Com efeito, a Constituição Federal de 1988 assentou, enfaticamente, que ‘ninguém será preso senão mediante flagrante delito ou ordem escrita fundamentada de autoridade judiciária competente’ (art. 5º, inc. LXI), além de assegurar que ‘a prisão de qualquer pessoa e o local onde se encontre serão comunicados imediatamente ao juiz competente’ (art. 5º, inc. LXII), que ‘a prisão ilegal será imediatamente relaxada pela autoridade judiciária’ (art. 5º, inc. LXV) e, ainda, que ‘ninguém será levado à prisão ou nela mantido, quando a lei admitir a liberdade provisória, com ou sem fiança’ (art. 5º, inc. LXVI). (...) Daí a necessidade indeclinável de obediência às formalidades essenciais previstas em lei para a adoção de cada uma das espécies de prisão, pois, como já se observou, a regulamentação das formas processuais constitui garantia das partes e da correta prestação jurisdicional. (GRINOVER, FERNANDES & GOMES FILHO, 2004, p. 343/344).
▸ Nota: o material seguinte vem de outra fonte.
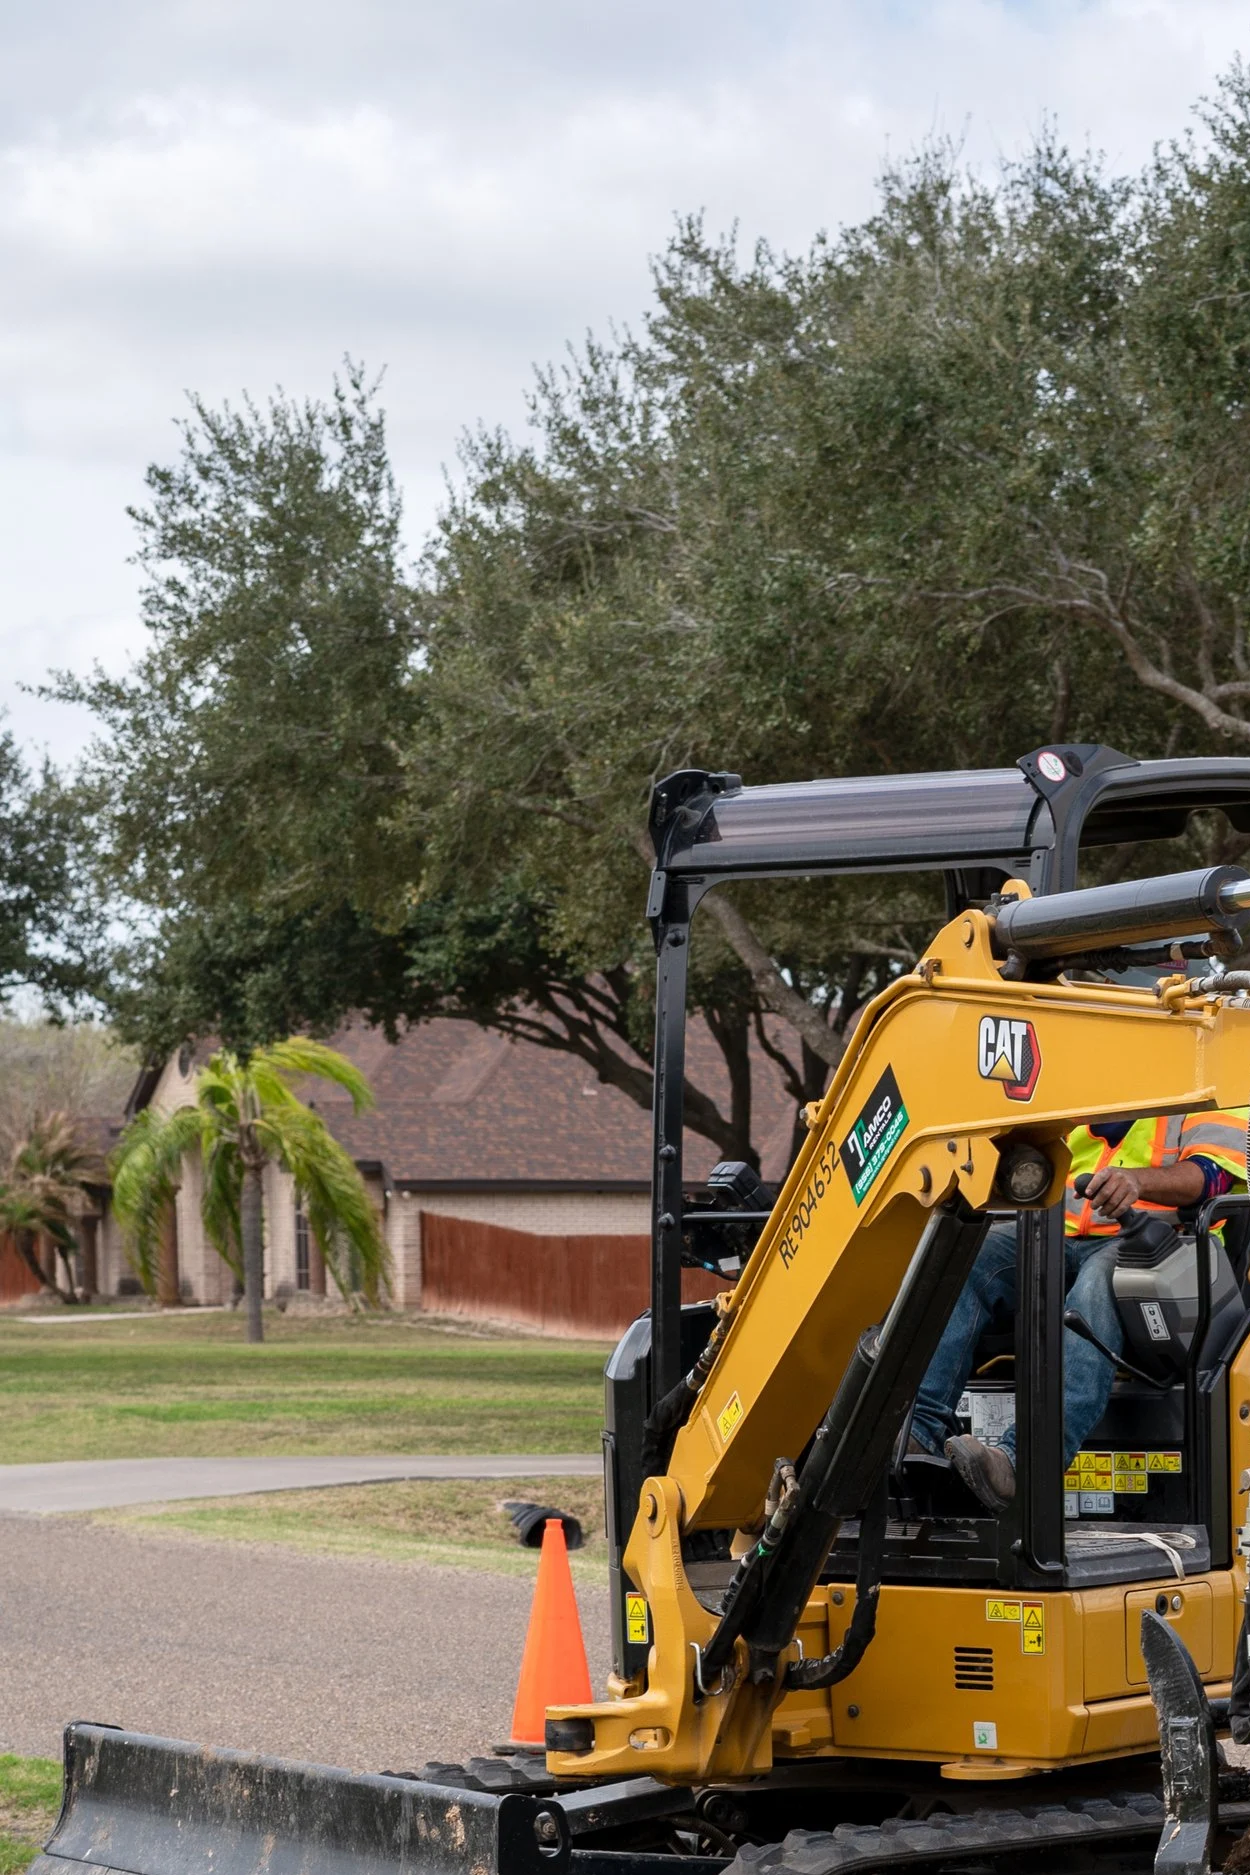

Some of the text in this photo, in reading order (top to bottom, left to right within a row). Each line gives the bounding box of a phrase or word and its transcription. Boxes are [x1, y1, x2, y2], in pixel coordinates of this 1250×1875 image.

[979, 1016, 1028, 1081] CAT
[868, 1110, 893, 1151] RENTALS
[778, 1140, 841, 1270] RE904652
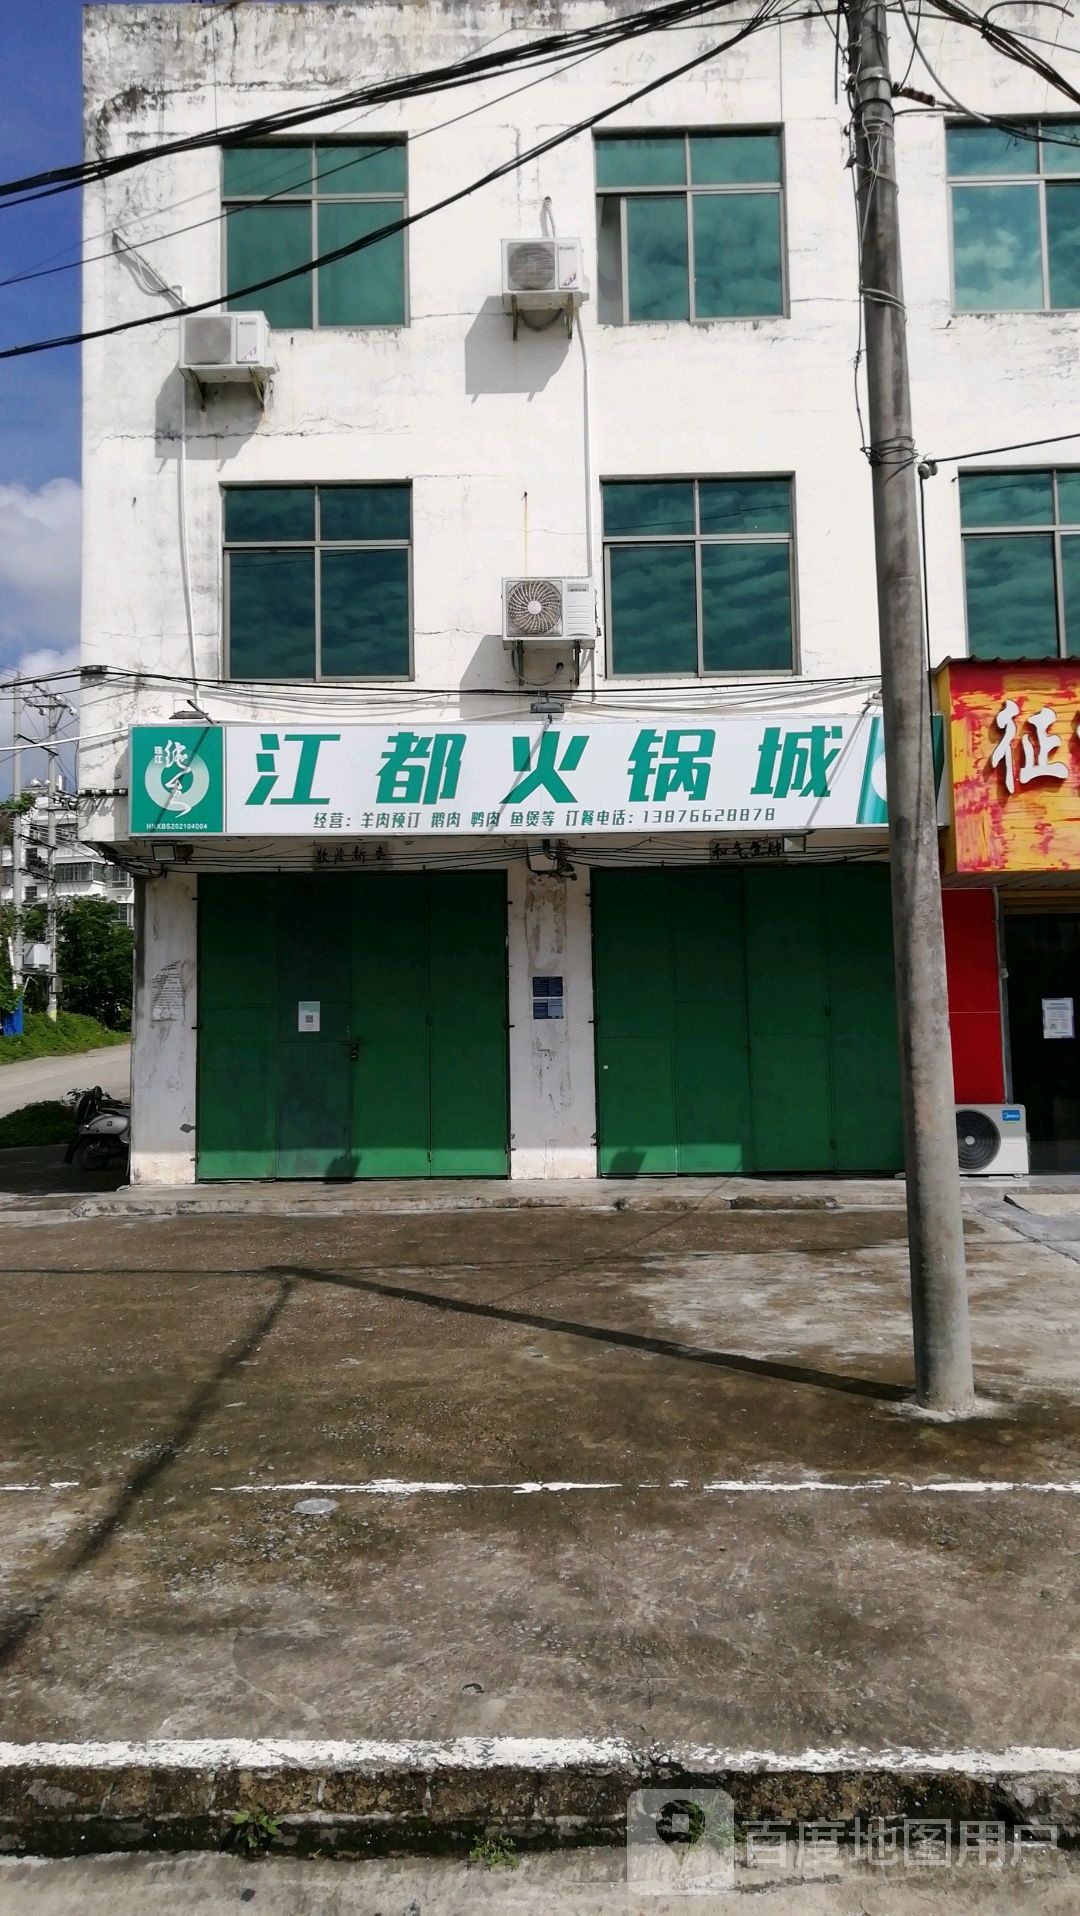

Apesar de a Carta Magna anunciar, em seu artigo 5º, inciso LVII, o princípio do estado de inocência, assegurando que "ninguém será considerado culpado até o trânsito em julgado da sentença penal condenatória", há também a possibilidade constitucional de um indivíduo ser levado à prisão antes mesmo do trânsito em julgado da sentença, hipótese estabelecida no art. 5º, inciso LXI da CF:
Art. 5º. (...)
LXI – ninguém será preso, senão em flagrante delito ou por ordem escrita e fundamentada de autoridade judiciária competente, salvo nos casos de transgressão militar ou crime propriamente militar, definidos em lei.
Seria possível afirmar que há um contra-senso diante destas duas regras constitucionais. No entanto, é sabido que os princípios constitucionais devem ser interpretados de forma que um não anule o outro, devendo haver proporcionalidade quando da interpretação, sendo pacífico na doutrina e jurisprudência o cabimento da prisão antes mesmo da sentença penal condenatória transitada em julgado, desde que de forma cautelar e excepcional, não sendo esta incompatível com o princípio da presunção de inocência.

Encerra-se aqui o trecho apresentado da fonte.